Tumor abnormal protein as a promising biomarker for screening solid malignancies and monitoring recurrence and metastasis.

ABSTRACT

Background: Tumor abnormal protein (TAP), the sugar chain protein released by tumor cells during metabolism, allows the development of a technique that exploits aggregated tumor-associated abnormal sugar chain signals in diagnosing malignancies. Clinically, we have found that TAP detection can well predict some malignancies, but several physicians have not paid attention, and related studies have been minimal. Methods: We evaluated TAP's ability to distinguish between malignancies and benign diseases by receiver operating characteristic (ROC) curve analysis and studied the possibility of monitoring malignancy progression by evaluating TAP levels in follow-up. We used Kaplan-Meier survival curves and Cox proportional hazard regression models to investigate the relationship between TAP and prognosis.
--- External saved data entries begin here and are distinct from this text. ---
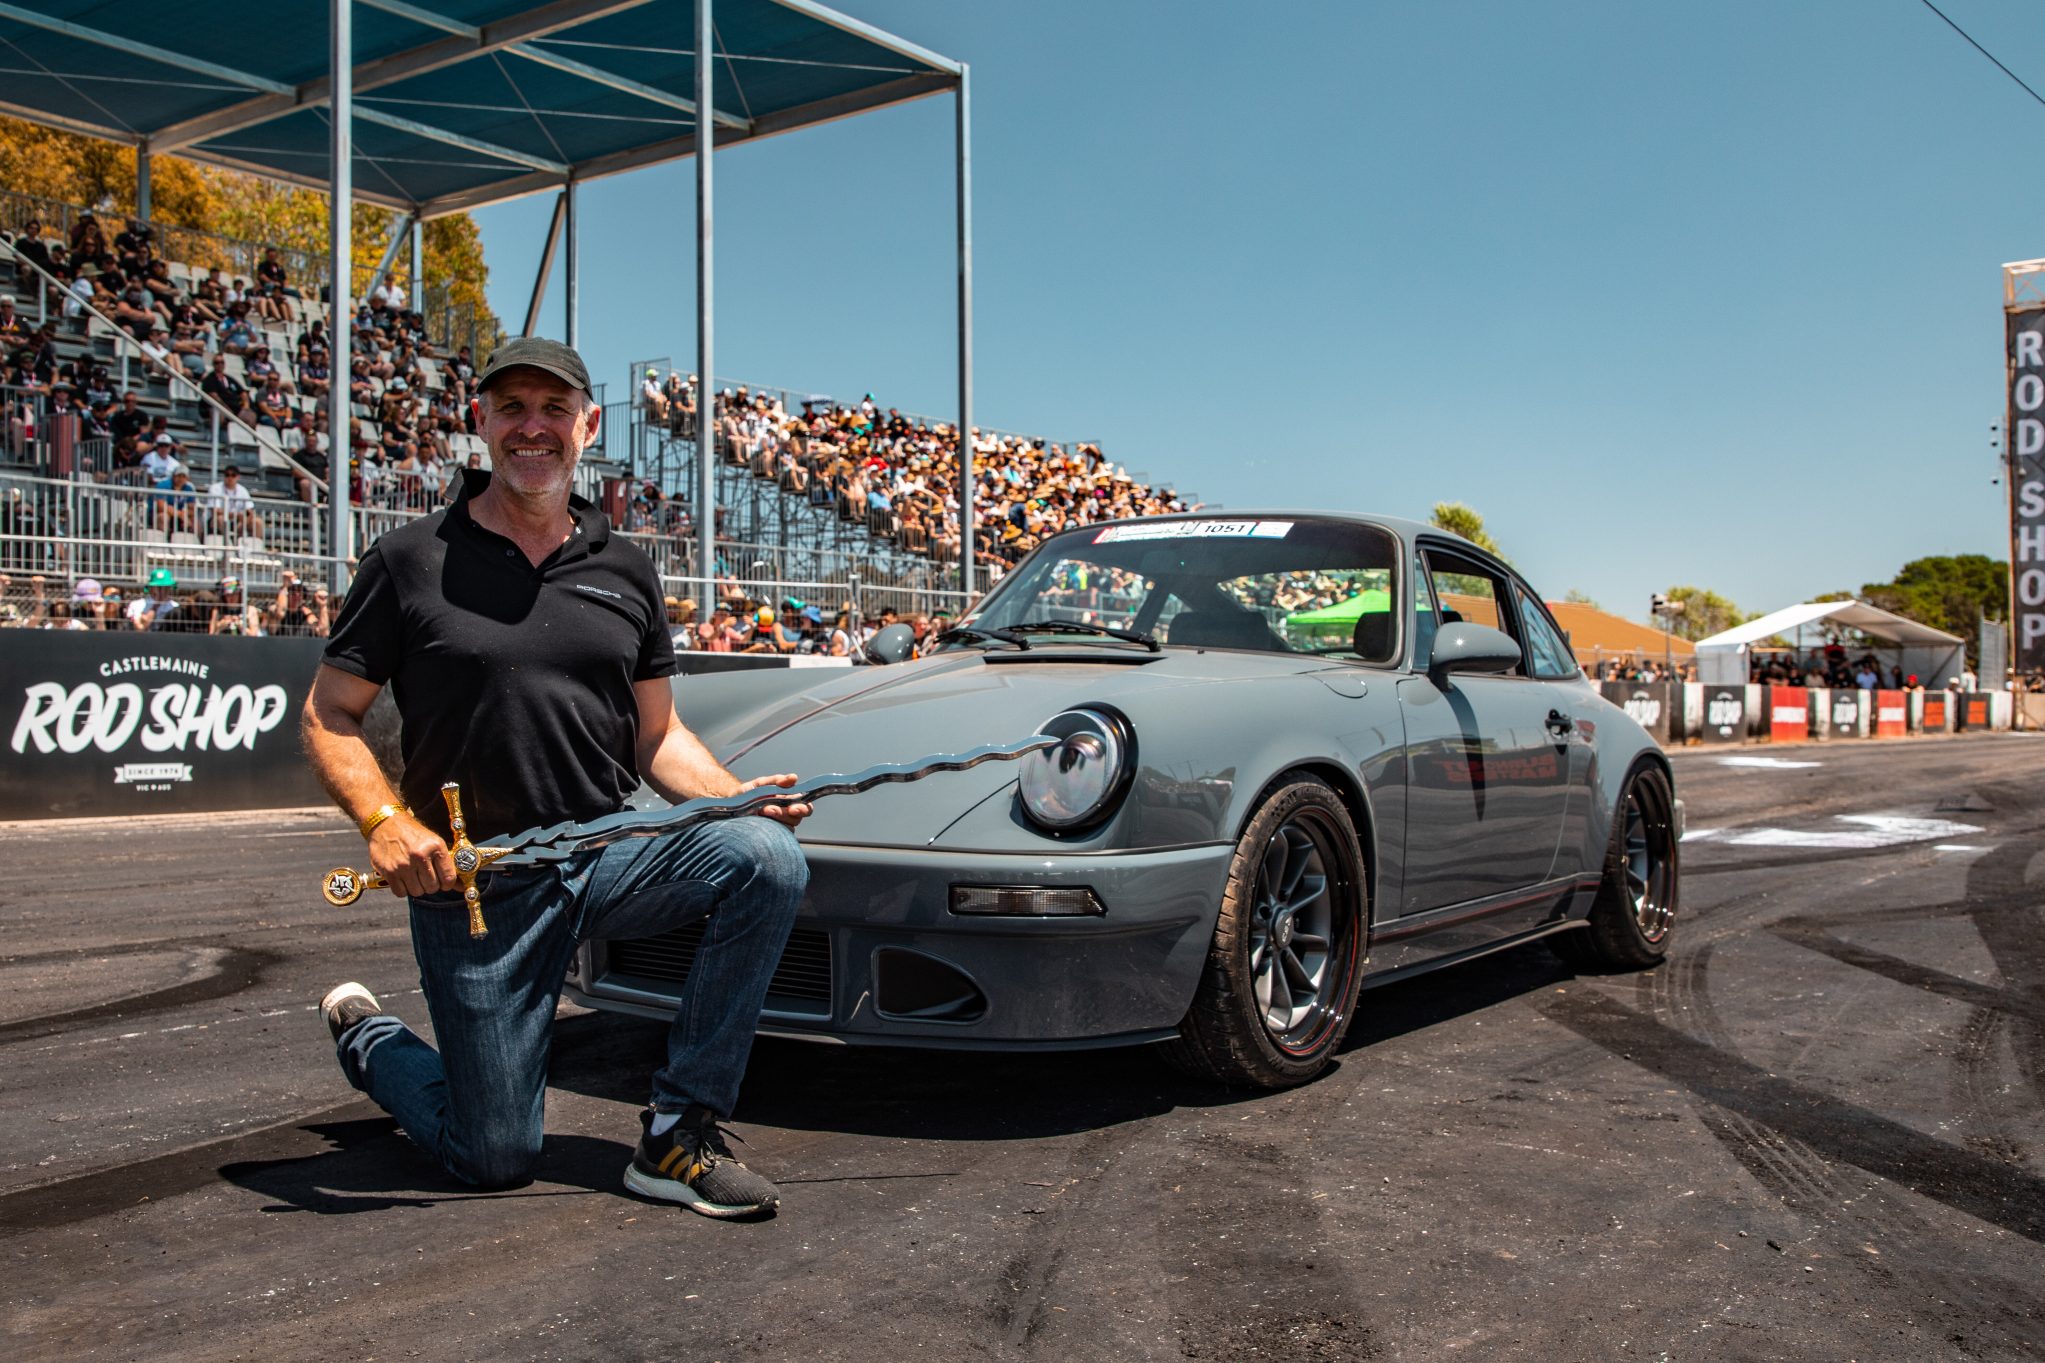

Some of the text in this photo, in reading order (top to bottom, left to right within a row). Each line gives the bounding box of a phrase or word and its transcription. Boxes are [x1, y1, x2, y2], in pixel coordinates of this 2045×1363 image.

[2016, 330, 2045, 650] ROD SHOP
[1204, 524, 1246, 533] 1051
[576, 584, 622, 599] PORSCHE
[100, 656, 209, 679] CASTLEMAINE
[11, 682, 288, 754] ROD SHOP
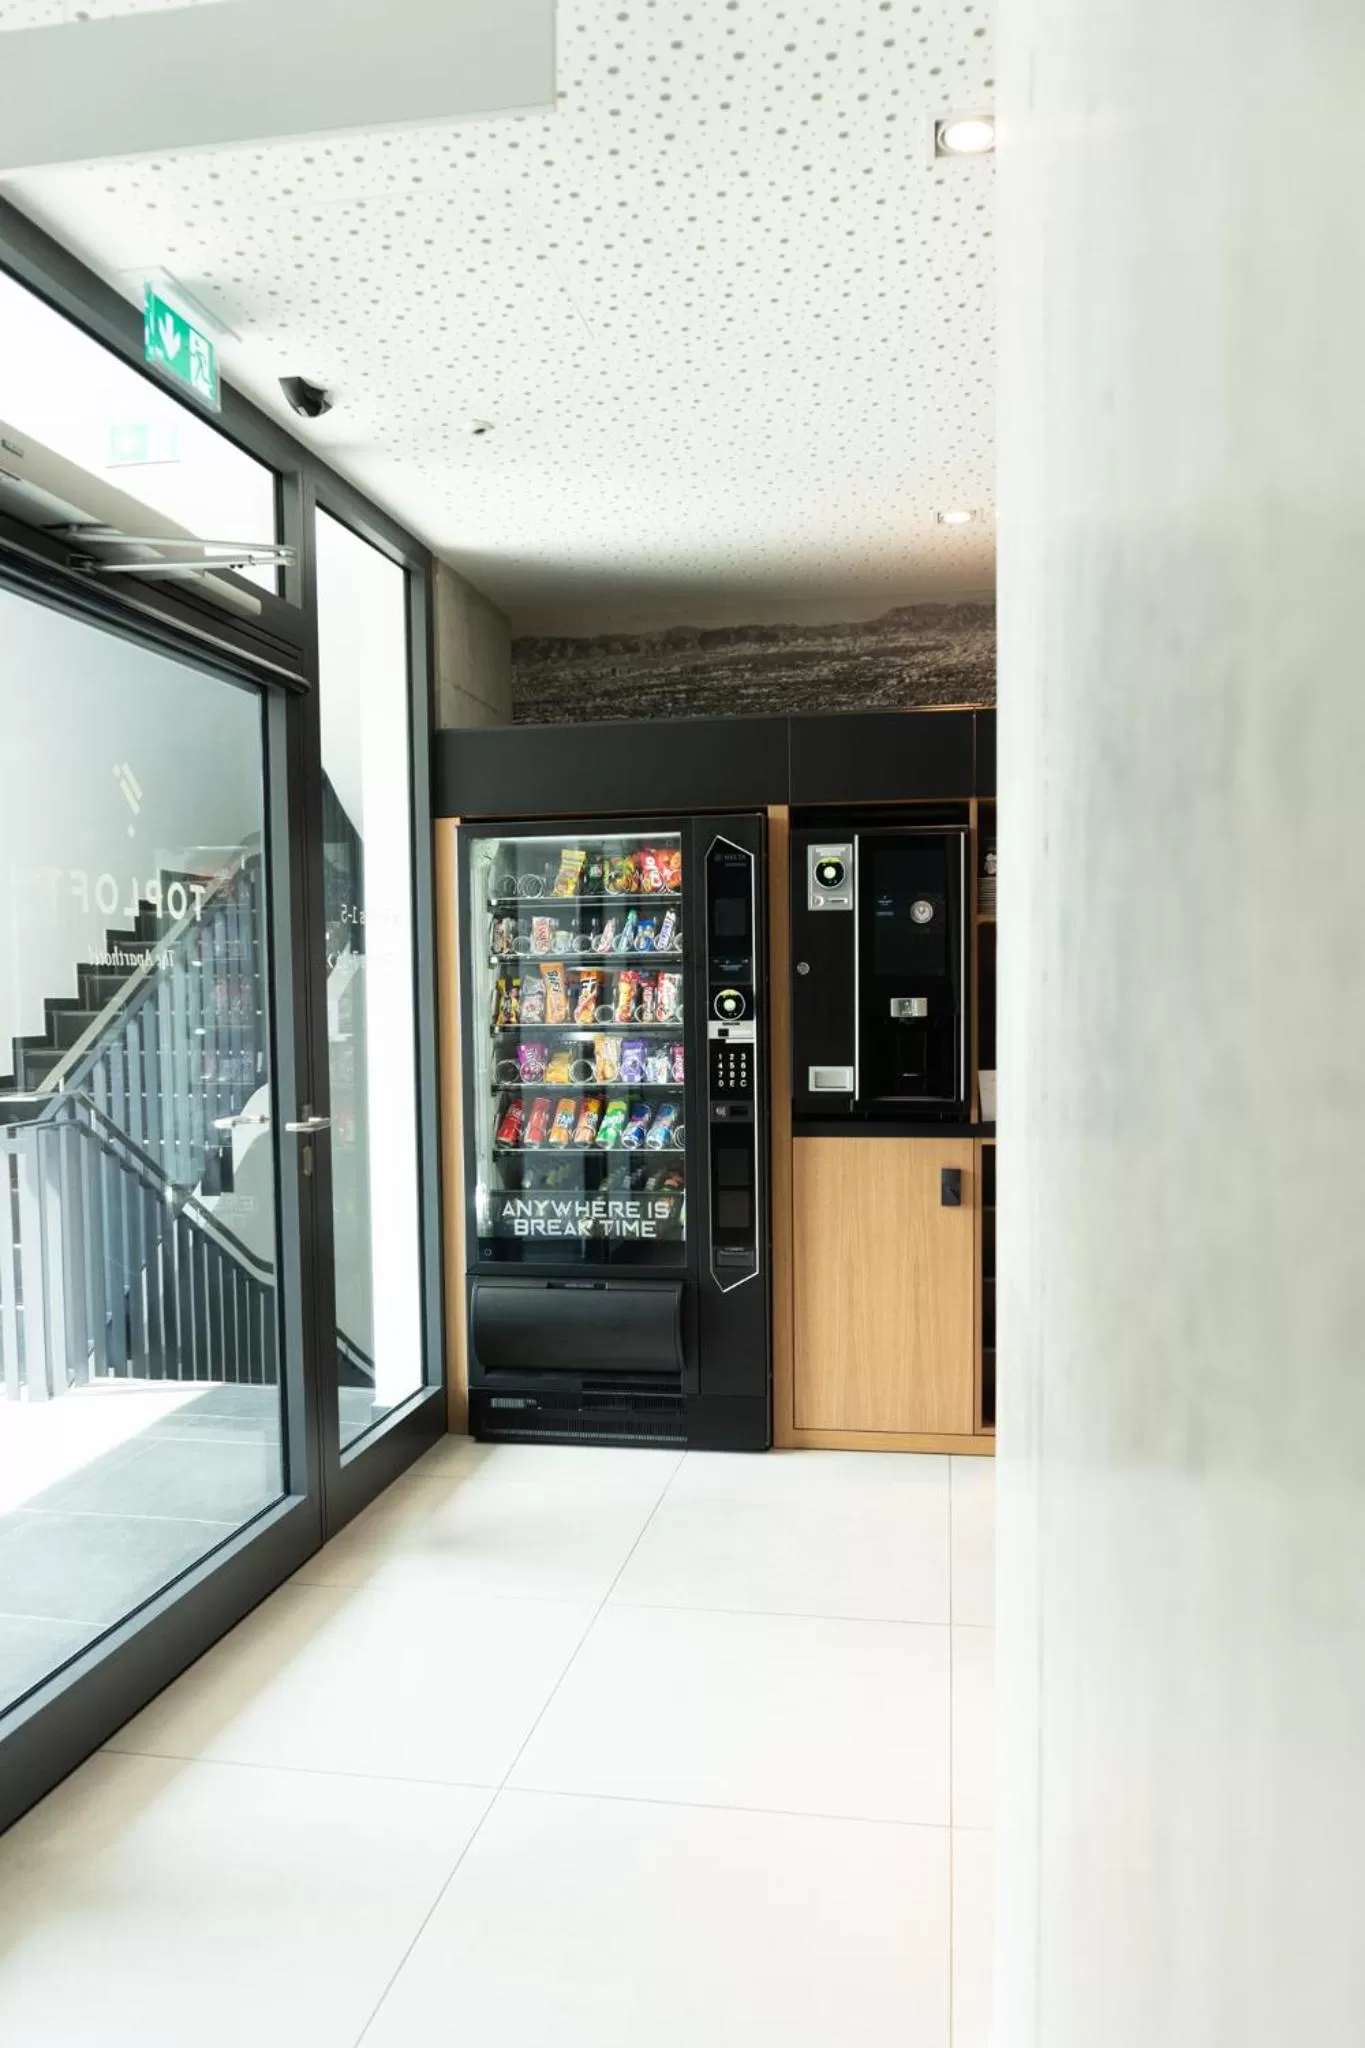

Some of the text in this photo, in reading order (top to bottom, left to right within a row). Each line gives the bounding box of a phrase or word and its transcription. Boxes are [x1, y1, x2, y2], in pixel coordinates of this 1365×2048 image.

[740, 1079, 747, 1087] C
[502, 1198, 670, 1219] ANYWHERE IS
[514, 1218, 657, 1238] BREAK TIME
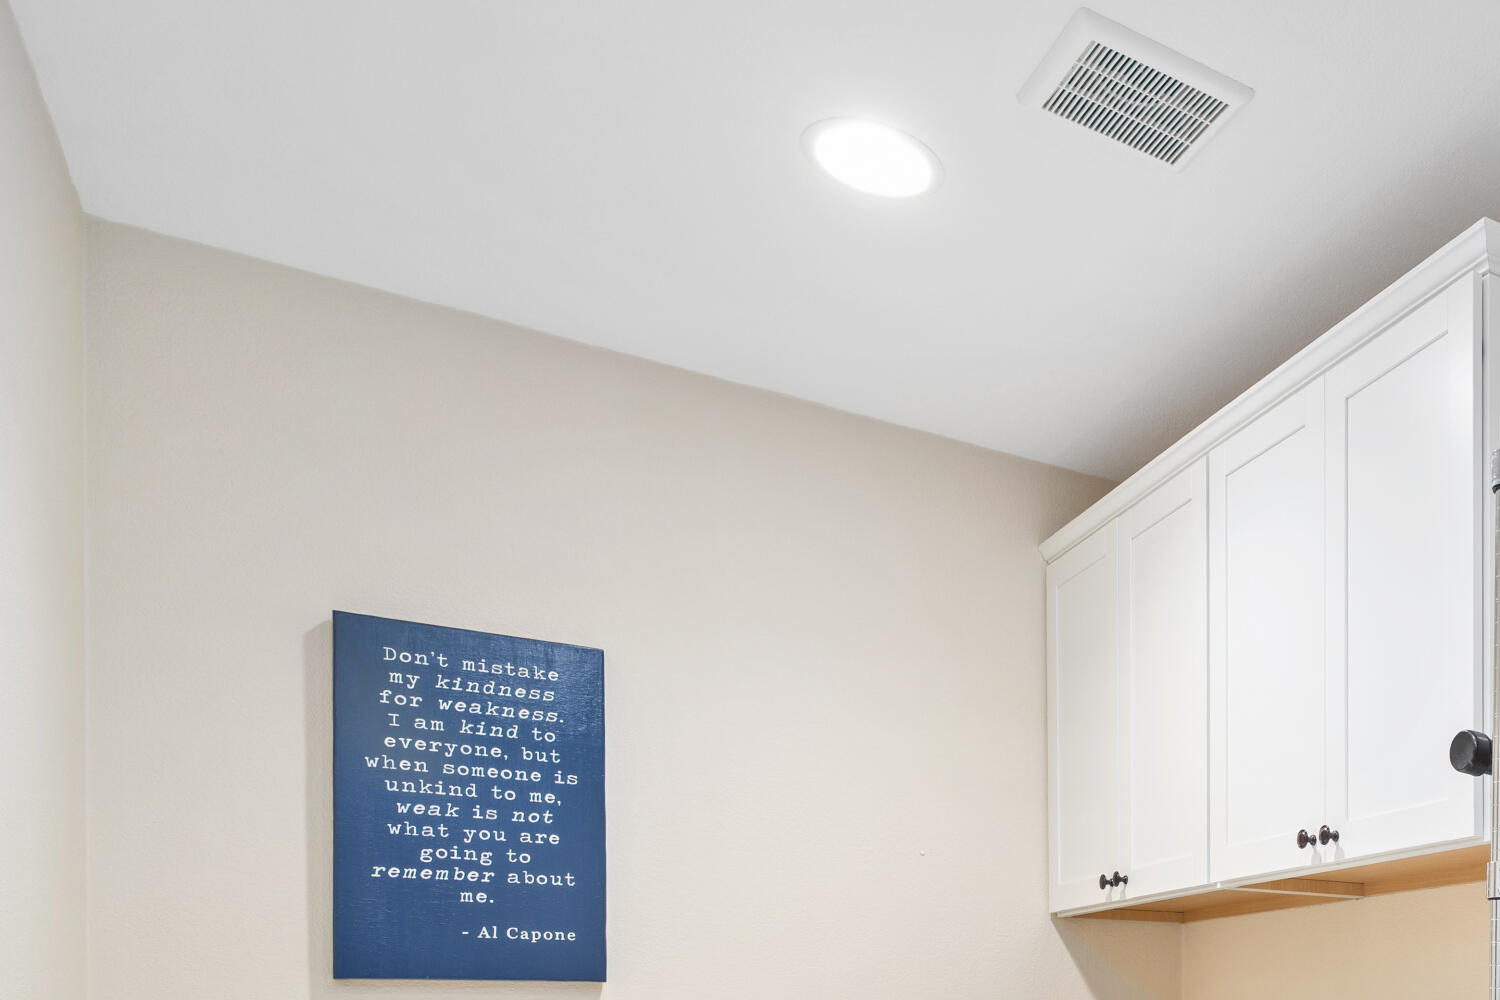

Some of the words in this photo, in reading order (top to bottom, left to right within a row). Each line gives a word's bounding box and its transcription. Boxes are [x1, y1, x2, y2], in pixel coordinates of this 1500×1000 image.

[382, 646, 449, 668] Don't
[461, 658, 559, 682] mistake
[388, 671, 421, 690] my
[434, 675, 556, 702] kindness
[379, 689, 423, 708] for
[438, 698, 564, 724] weakness.
[387, 712, 401, 727] I
[413, 717, 445, 732] am
[458, 719, 519, 739] kind
[531, 727, 556, 743] to
[383, 736, 508, 761] everyone,
[520, 746, 561, 764] but
[364, 754, 429, 773] when
[442, 763, 542, 783] someone
[553, 770, 578, 786] is
[384, 778, 479, 798] unkind
[490, 784, 517, 801] to
[528, 791, 562, 807] me,
[396, 802, 460, 818] weak
[472, 804, 498, 821] is
[511, 809, 554, 825] not
[386, 820, 450, 838] what
[462, 828, 507, 844] you
[519, 831, 561, 845] are
[419, 845, 493, 867] going
[505, 848, 531, 864] to
[370, 865, 496, 883] remember
[506, 870, 576, 887] about
[459, 891, 494, 904] me.
[476, 925, 498, 939] Al
[505, 926, 577, 944] Capone
Results: TAP levels were higher in whole solid malignancies and every type of solid malignancy than in benign patients. ROC curve analysis showed that TAP levels aid in distinguishing between malignancies and benign diseases. TAP levels decreased in patients with complete remission (CR) after treatment and increased in patients with relapse from CR. Patients with metastases had higher TAP levels than non-CR patients without metastases. There was no difference in overall survival among patients with different TAP levels, and multivariate analysis suggested that TAP was not an independent risk factor for solid malignancies. Conclusion: TAP is an effective screening biomarker for many solid malignancies that can be used to monitor the progression of malignancies but not to prognosticate.